На женщине все та же одежда, только грязная. Плечи осунулись, впали глаза, будто прошёл не миг, а как минимум месяц с нашей встречи. Молодая индианка уже совсем не похожа на ту дерзкую охотницу, что была минуту назад. Она босая стоит на коленях у кровати девочки, лет семи и тихо плачет уткнувшись в край наволочки у ее головы.
Она прикусывает край, чтобы не взвыть от боли раздирающую ее душу. Мое сердце гулко бьется, снова предчувствие неминуемой беды витает в вигваме.
— Ты достала его? — знакомый требовательный голос гремит откуда-то снаружи.
Индианка обреченно встаёт и выуживает из внутреннего кармана куртки медальон. Трясущимся пальцами передаёт ему приговаривая:
— Tostras Korses Ien.
— Мне твои проклятья не страшны, женщина!— отвечает он из темноты, не решаясь пройти в комнату.
— А их не избежать,— гордо, но почти падая от бессилия отвечает ему.

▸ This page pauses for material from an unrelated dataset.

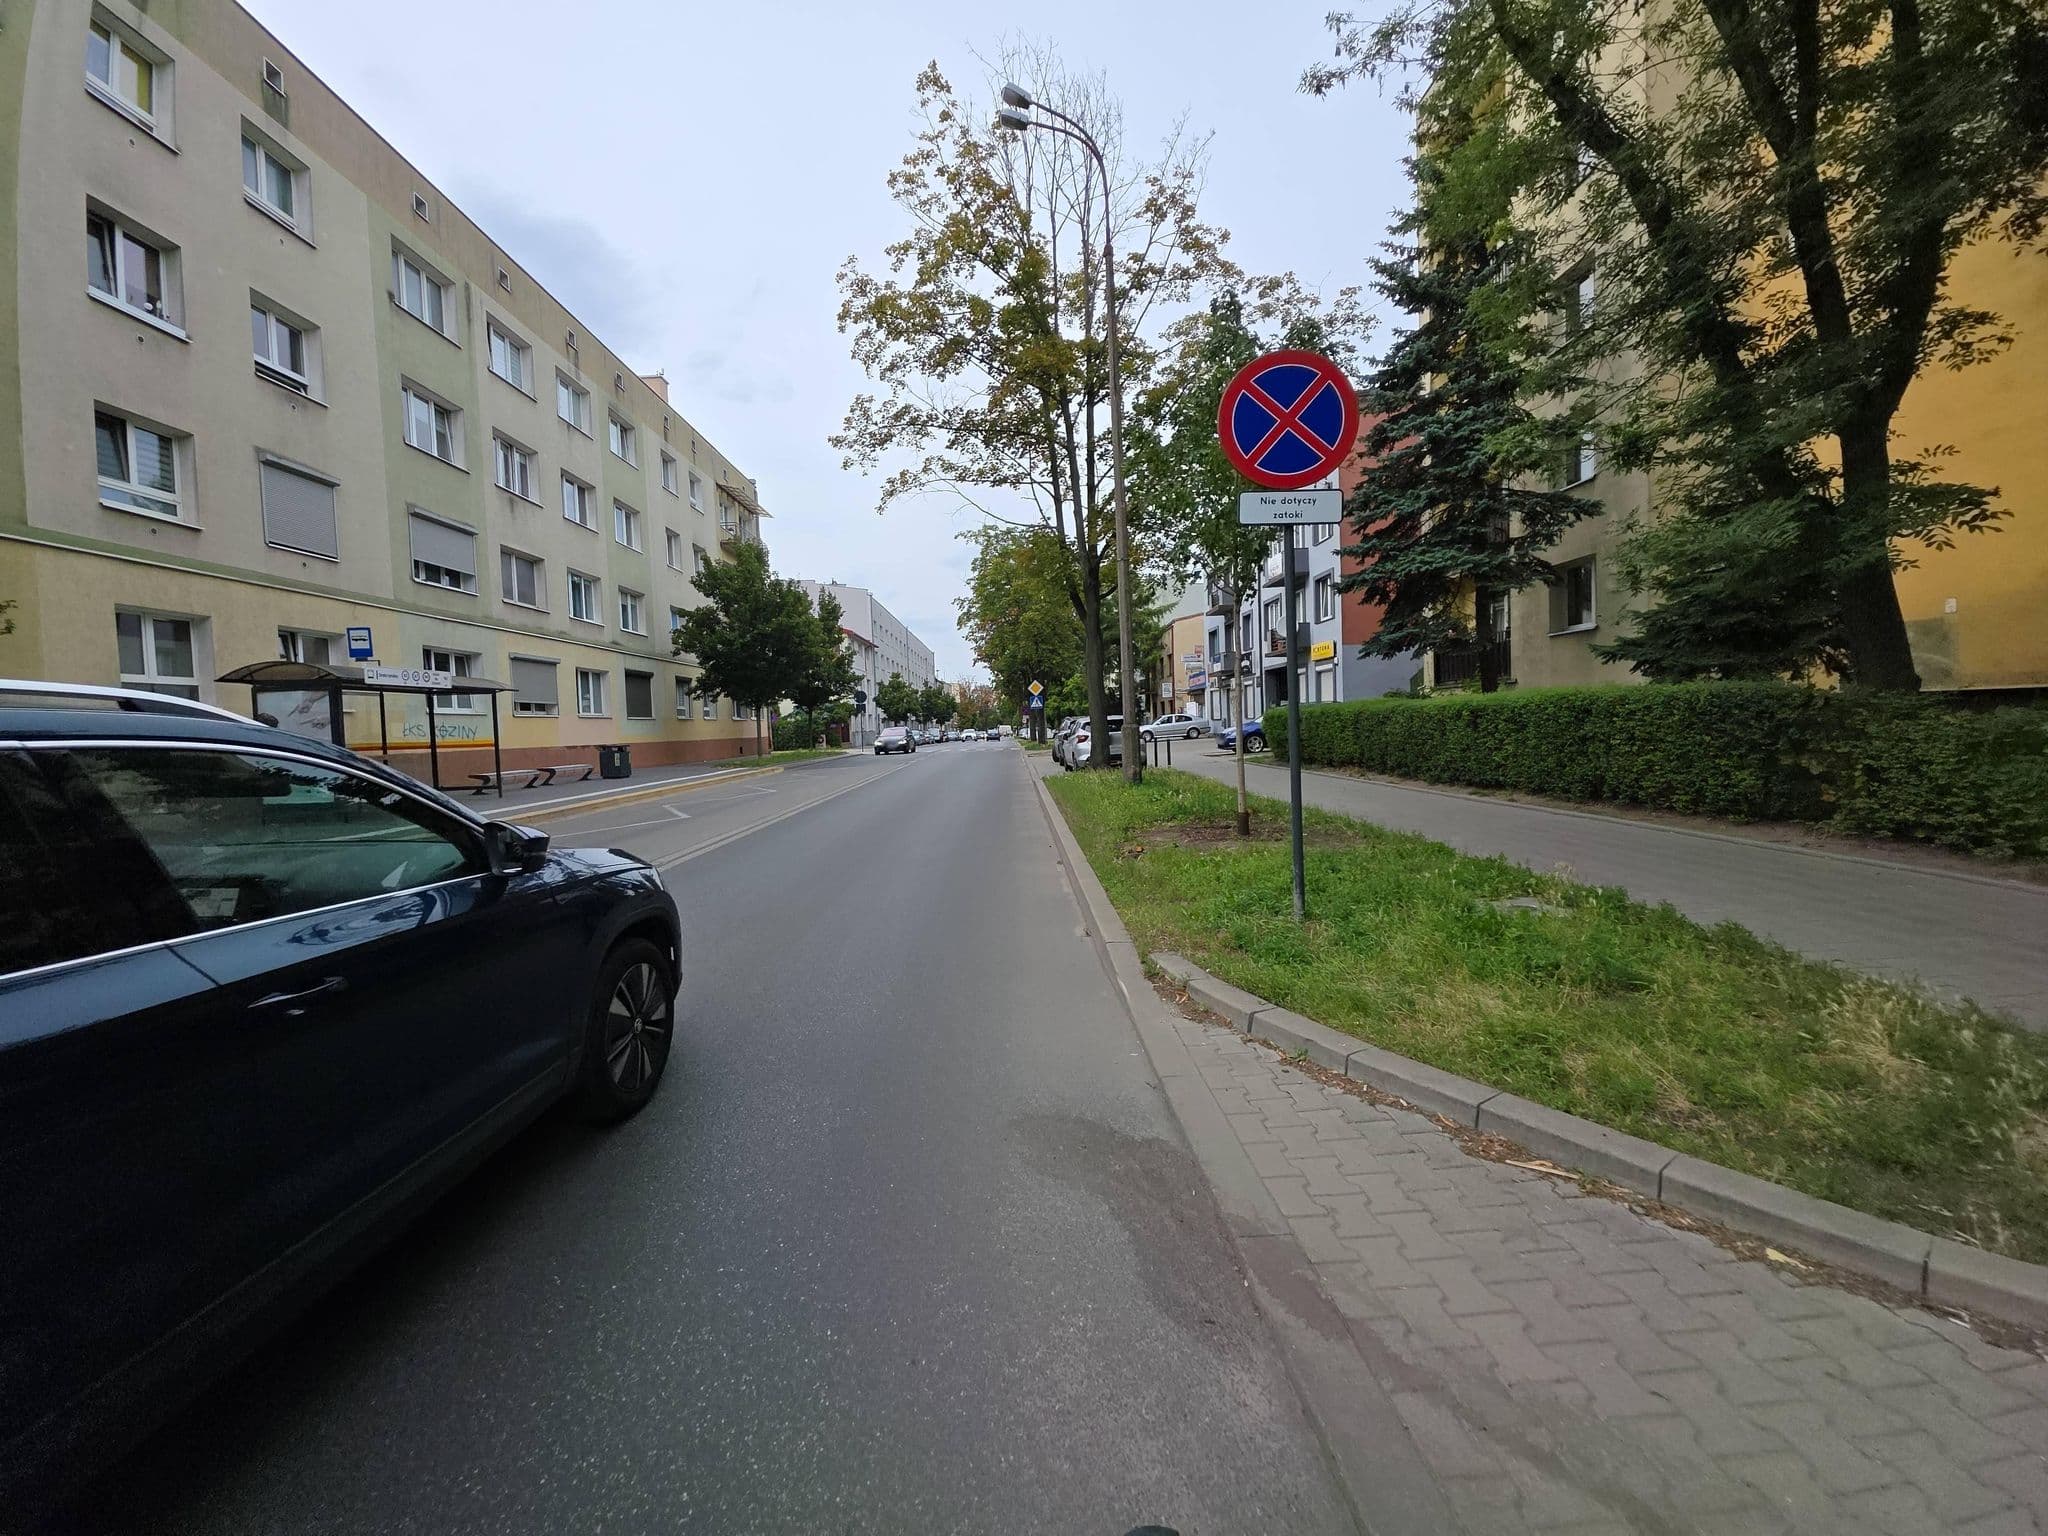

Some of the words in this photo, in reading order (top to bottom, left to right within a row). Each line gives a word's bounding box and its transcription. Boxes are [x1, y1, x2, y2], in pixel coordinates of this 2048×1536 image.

[1260, 497, 1277, 505] Nie
[1280, 497, 1317, 506] dotyczy
[1273, 511, 1303, 519] zatoki

— Из нас двоих бояться стоит тебе. Твои руки по локоть сама знаешь в чем,— мерзкий смех нарушает тишину ночи,— за предательство тебе и девятый круг ада не светит,— весело говорит ей,—ноооо, так уж и быть, я не выдам твой маленький секрет,— цокает, наконец, индеец подбрасывая в руках медальон.
Он давно потерял интерес к скромной персоне, что перед ним.
— Индеец однажды предавший племя, предаст и сам себя,— уже спокойно отвечает она.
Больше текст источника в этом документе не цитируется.